The U.S. Justice Department has made a broad proposal to force Google to sell off parts of its business. This could be the first big corporate breakup in 40 years and change the shape of one of the most valuable tech companies in the world.
On Tuesday, the Department of Justice and a group of state attorneys general sent in a 32-page (PDF) document outlining possible ways to stop Google from having a monopoly on search and search ads.
The suggested framework for remedies was sent to U.S. District Judge Amit Mehta, who ruled against Google in a landmark antitrust case last August. It includes a variety of options, such as limits on behaviour and stricter structural measures.
There Are Four Places Where The DOJ Has Asked For Help:
- Search Distribution: Limit or get rid of pre-installations, revenue-sharing deals, and default search arrangements. Think about structure changes that could help Chrome, Play, and/or Android stay separate from Google. Google shouldn’t be able to control new search technologies, like features driven by AI. Set up user education programs to help people make smart search engine choices.

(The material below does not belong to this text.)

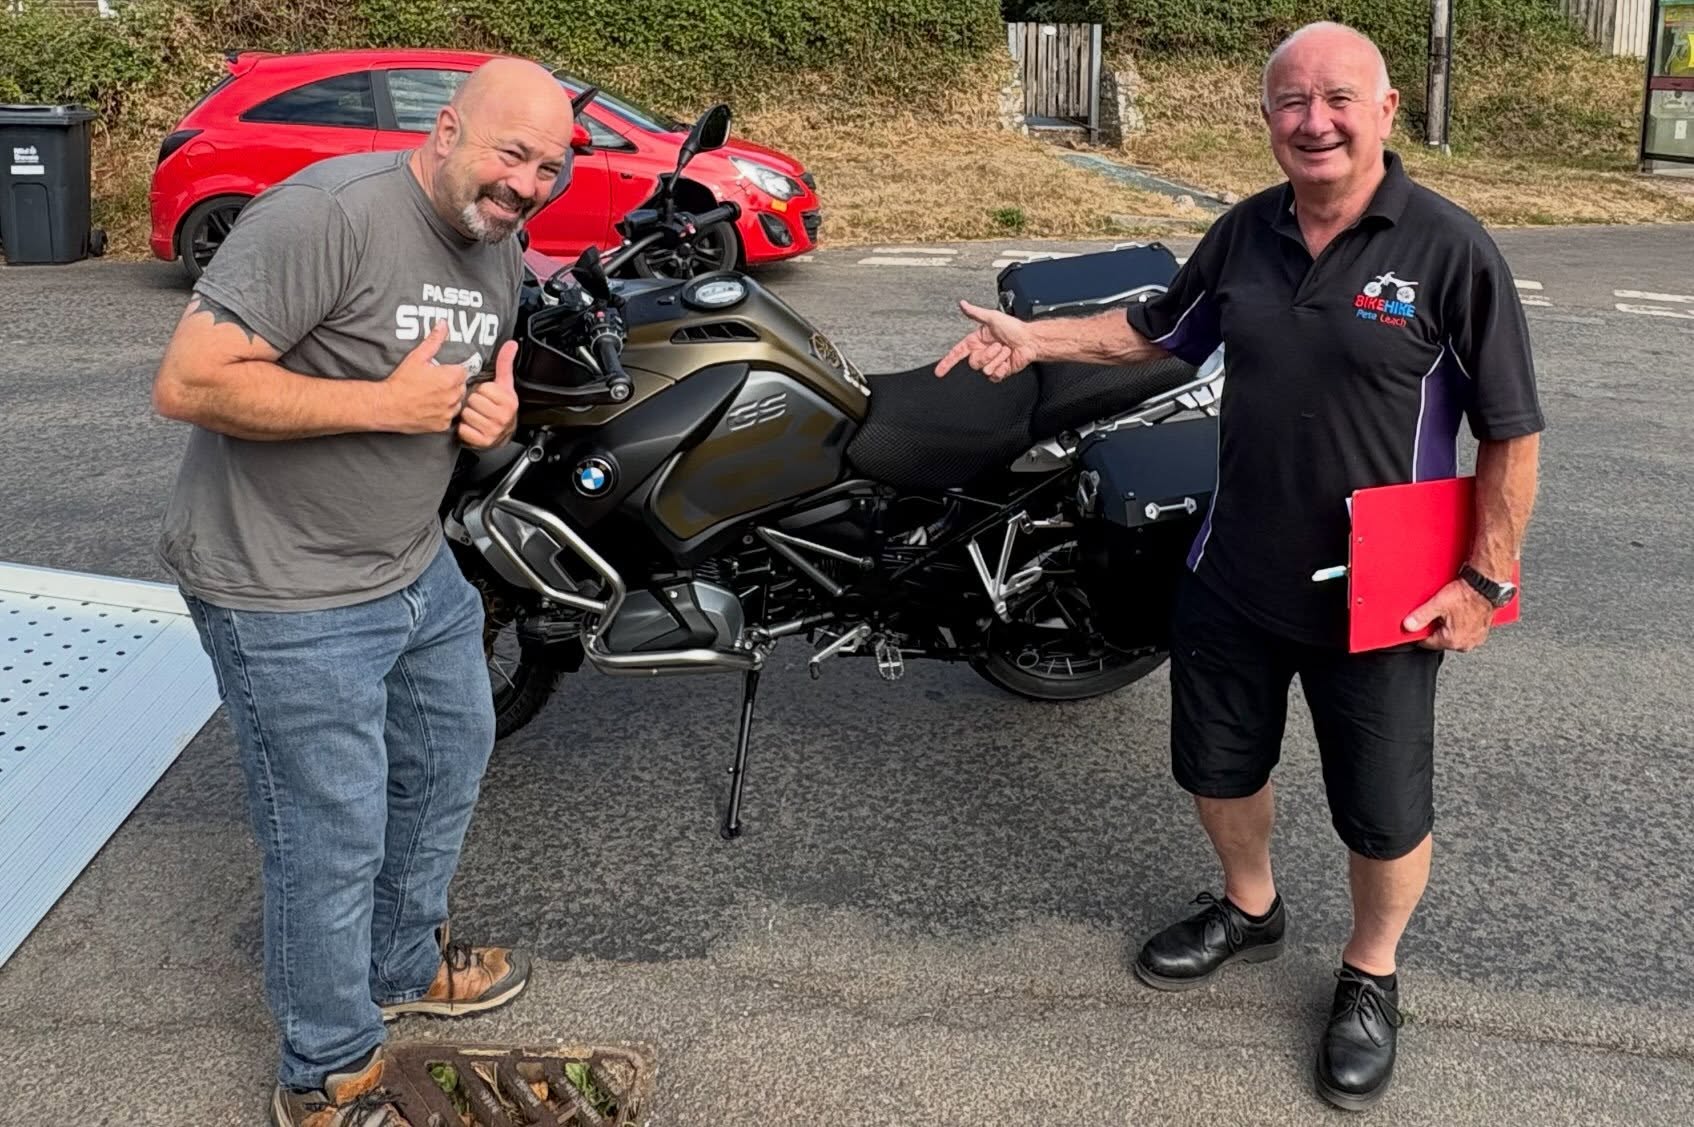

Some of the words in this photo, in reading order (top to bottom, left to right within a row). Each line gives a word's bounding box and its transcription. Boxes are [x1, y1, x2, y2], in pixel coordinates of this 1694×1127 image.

- Access to and use of data: Make it mandatory to share Google’s search directory, data, algorithms, and AI models. Make sure that search returns, features, and ad ranking signals are all clear. Stop Google from using data that can’t be shared because it could compromise privacy. Take steps to lower your competitors’ costs for collecting and storing data.
- Limit Google’s ability to use contracts to make it harder for competitors to get web content, and let publishing websites choose not to be used in AI training or in Google-owned AI products like AI summaries.
- Advertising: Cut back on or reorganise Google’s more advanced advertising goods, such as its AI-powered tools. Look into your choices for licensing Google’s ad feed separately from its search results. Make things clearer for advertisers by giving them specific information about auctions and how to make money.
The DoJ also talked about some of the reasoning behind its suggested solutions and why smaller sources of income, like AI-based tools, should also be included. Justices, it said, “should take into account alternative and future forms of monopoly maintenance.” They should also “free these markets from Google’s exclusionary conduct,” get rid of barriers to competition, and “deny Google the fruits of its statutory violations.”
In response, Google wrote on its blog late Tuesday that the Justice Department’s plan was “radical and broad,” and it warned of “negative unintended consequences for American innovation and America’s consumers.”
Berstein analysts warned clients on Wednesday in a note that the solution is “far-reaching” and “goes a mile wide and an inch deep.”
Also Read: Google’s New Plan for Ad Targeting Raises New Worries About Competition in the Uk
“Having to fight with one hand tied behind their back by regulators is the last thing Google needs right now in the bigger AI battle,” they wrote.